Section 19. - Waiver.
No waiver of any of the terms of this Agreement shall be valid unless in writing. No waiver or any breach of any provision hereof or default under any provisions hereof shall be deemed a waiver of any subsequent breach or default of any kind whatsoever.
Section 20. - Confidentiality.
(a) Cliffs and AK Steel acknowledge that this Agreement contains certain pricing, adjustment and term provisions which are confidential, proprietary or of a sensitive commercial nature and which would put Cliffs or AK Steel at a competitive disadvantage if disclosed to the public, including without limitation, Section 2, Section 3, Section 4, Section 5, Section 6 and all of the Schedules, Appendices and Exhibits hereto (“Confidential Information”). Cliffs and AK Steel agree that all provisions of this Agreement shall be kept confidential and, without the prior written consent of the other party, shall not be disclosed to any party not a party to this Agreement except as required by law or governmental or judicial order and except that disclosure of the existence of this Agreement shall not be precluded by this Section 19.

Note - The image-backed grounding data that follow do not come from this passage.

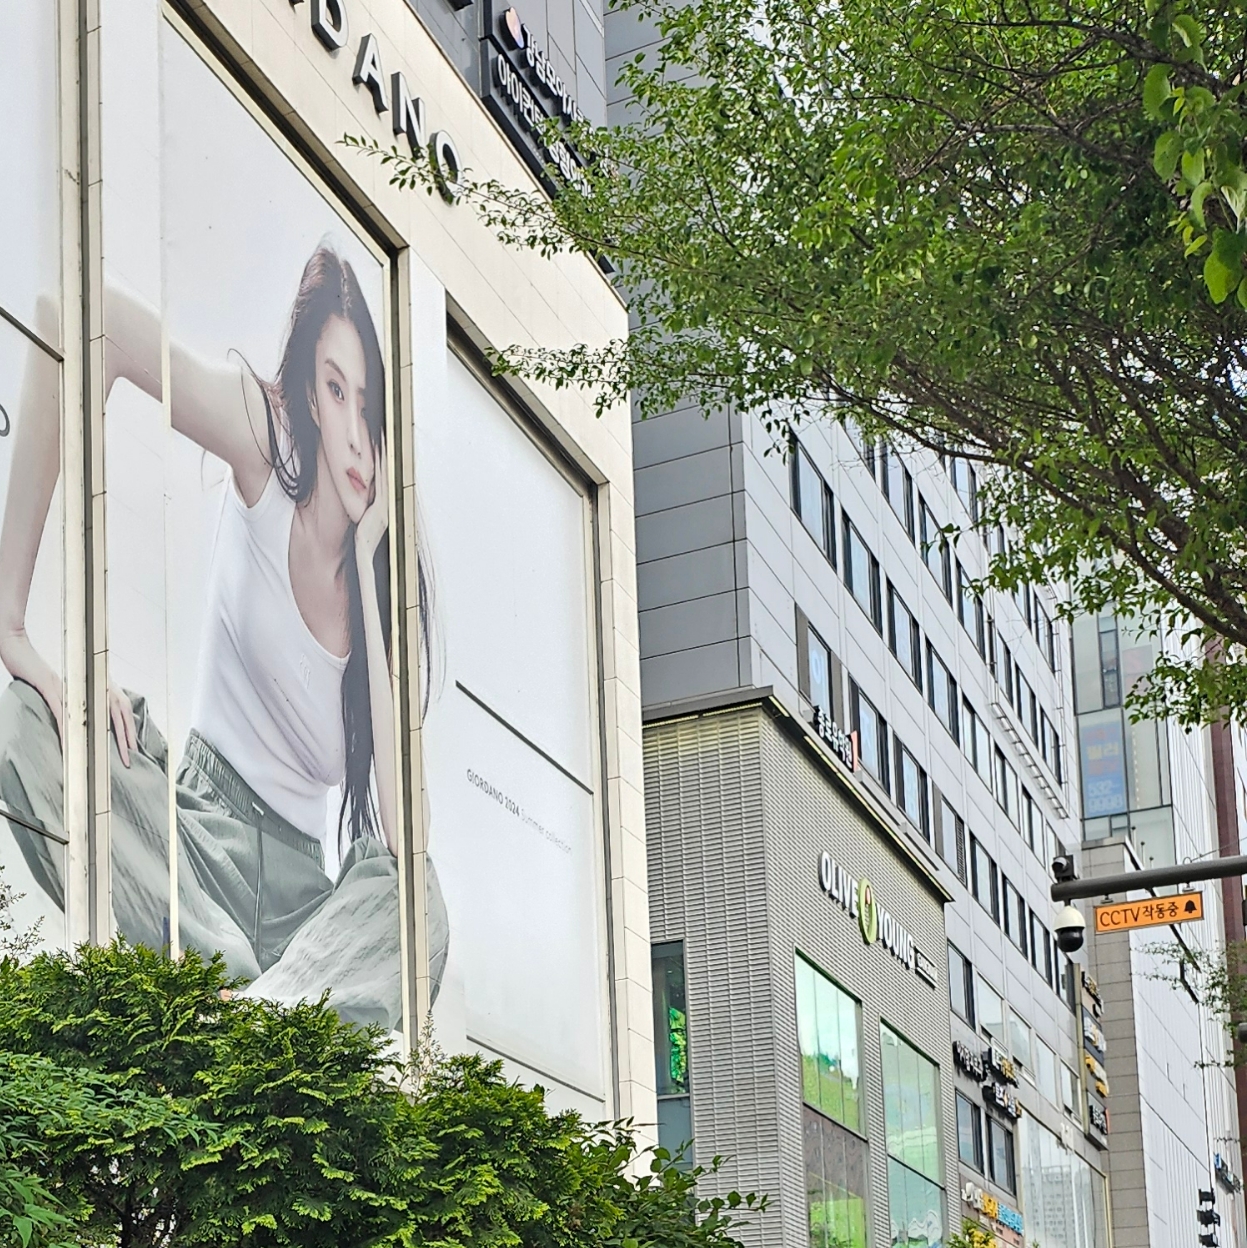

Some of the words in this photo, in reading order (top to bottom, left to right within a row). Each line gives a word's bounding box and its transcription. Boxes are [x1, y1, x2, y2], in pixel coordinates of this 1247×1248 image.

[292, 0, 463, 204] DANO
[818, 704, 853, 769] 종로유학원
[466, 768, 504, 805] GIORDANO
[504, 796, 520, 817] 2024
[820, 850, 859, 918] OLIVE
[876, 902, 914, 970] YOUNG

(b) If either party is required by law or governmental or judicial order or receives legal process or court or agency directive requesting or requiring disclosure of any of the Confidential Information contained in this Agreement, such party will promptly notify the other party prior to disclosure to permit such party to seek a protective order or take other appropriate action to preserve the confidentiality of such Confidential Information. If either party determines to file this Agreement with the Securities and Exchange Commission (“Commission”) or any other federal, state or local governmental or regulatory authority, or with any stock exchange or similar body, such determining party will use its best efforts to obtain confidential treatment of such Confidential Information pursuant to any applicable rule, regulation or procedure of the Commission and any applicable rule, regulation or procedure relating to confidential filings made
9
CONFIDENTIAL
with any such other authority or exchange. If the Commission (or any such other authority or exchange) denies such party’s request for confidential treatment of such Confidential Information, such party will use its best efforts to obtain confidential treatment of the portions thereof that the other party designates. Each party will allow the other party to participate in seeking to obtain such confidential treatment for Confidential Information.

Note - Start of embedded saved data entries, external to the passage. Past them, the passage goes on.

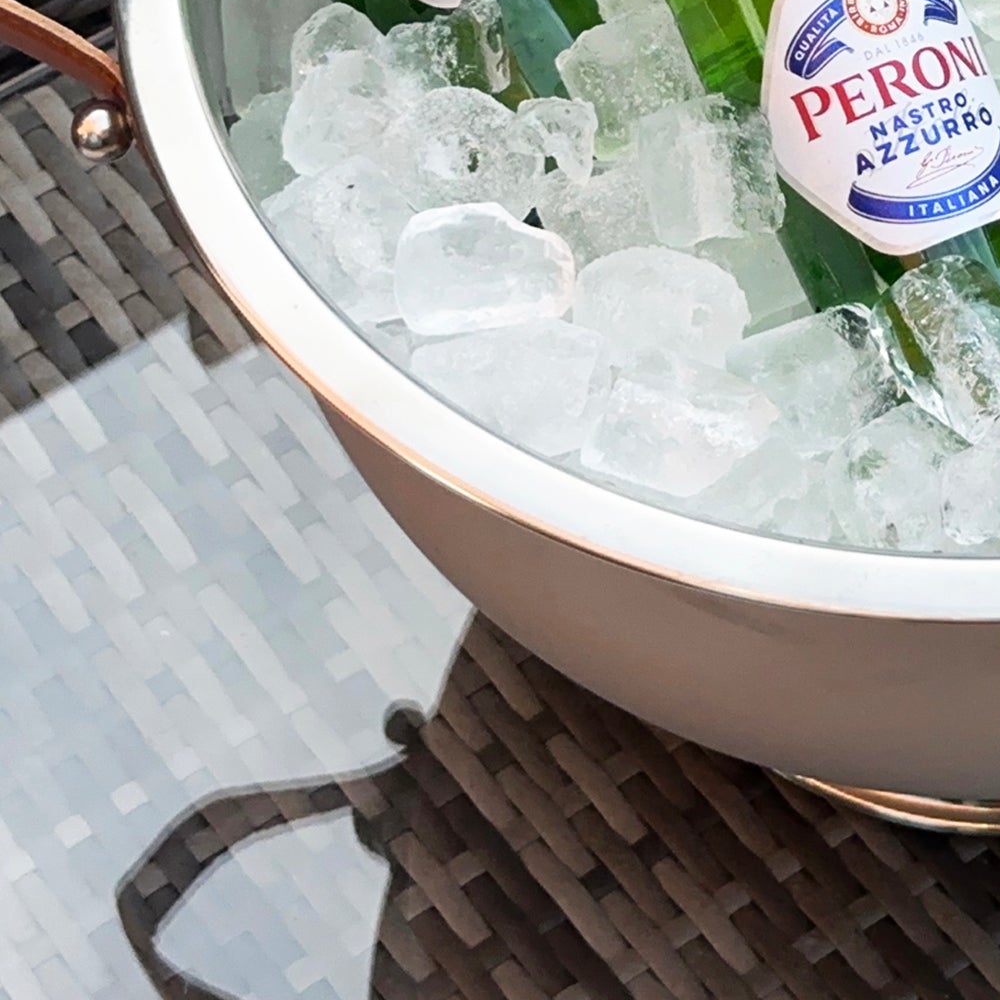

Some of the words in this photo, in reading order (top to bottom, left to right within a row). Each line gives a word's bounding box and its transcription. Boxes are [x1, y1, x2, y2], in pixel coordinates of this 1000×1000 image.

[794, 8, 839, 61] QUALITÀ
[870, 16, 906, 35] ROMA
[864, 45, 891, 61] DAL
[790, 36, 988, 143] PERONI
[856, 106, 993, 176] AZZURRO
[869, 92, 967, 141] NASTRO
[909, 174, 1000, 217] ITALIANA

Section 21. - Governing Law and Arbitration.
(a) This Agreement shall in all respects, including matters of construction, validity and performance, be governed by and be construed in accordance with the laws of the State of Ohio, excluding its choice of law principles.
(b) Upon notice by either party to the other, all disputes, claims, questions or disagreements arising out of or relating to this Agreement, breach, termination, enforcement, interpretation or validity of this Agreement, including the determination of the scope or applicability of this Agreement to arbitrate, shall be determined by arbitration administered by the American Arbitration Association in accordance with the provisions of its Commercial Arbitration Rules, modified as follows:
(i). The place of arbitration shall be Cleveland, Ohio;
(ii). Unless the parties consent in writing to a lesser number, the arbitration proceedings shall be conducted before a panel of three neutral arbitrators, one to be appointed by Cliffs, one to be appointed by AK Steel, and the third to be selected by the two arbitrators. None of the arbitrators shall be an employee, officer, director or consultant of, or of a direct competitor of, AK Steel or Cliffs;
(iii). Either party may apply to the arbitrators seeking injunctive relief until the arbitration award is rendered or the controversy is otherwise resolved. Either party also may, without waiving any remedy under this Agreement, seek from any court having jurisdiction any interim or provisional relief that is necessary to protect the rights or property of that party, pending the establishment of the arbitral tribunal (or pending the arbitral tribunal’s determination of the merits of the controversy);
(iv). Consistent with the expedited nature of arbitration, each party will, upon the written request of the other party, promptly provide the other with copies of documents on which the producing party may rely or otherwise which may be relevant in support of or in opposition to any claim or defense; any dispute regarding discovery, or the relevance or scope thereof, shall be determined by the arbitrators, which determination shall be conclusive; and all discovery shall be completed within forty-five (45) days following the appointment of the arbitrators;
(v). In connection with any arbitration arising out of this Agreement, the arbitrators shall have no authority to alter, amend, or modify any of the terms and conditions of this Agreement, and further, the arbitrators may not enter any award that alters, amends or modifies terms or conditions of this Agreement in any form or manner;
(vi). The arbitration shall be “Baseball Style” wherein each party shall submit to the arbitrators and exchange with each other in advance of the hearing their last, best offers. The arbitrators shall be limited to awarding only one or the other of the two figures submitted;
(vii). The award or decision shall be made within nine (9) months of the filing of the notice of intention to arbitrate, and the arbitrators shall agree to comply with this schedule before accepting appointment; provided, however, that this time limit may be extended by written agreement signed by both parties or by the arbitrators, if necessary; and
(viii). In connection with any arbitration related to this Agreement, each party shall be responsible for its own costs and expenses, and the parties will equally split the cost of conducting the arbitration itself.
10
CONFIDENTIAL
(c) The judgment of the arbitrators shall be final and binding on the parties, and judgment upon the award rendered by the arbitrators may be entered and enforced by any court of the United States or any state thereof. The arbitrators shall render their final decision within nine (9) months of the filing of the arbitration demand.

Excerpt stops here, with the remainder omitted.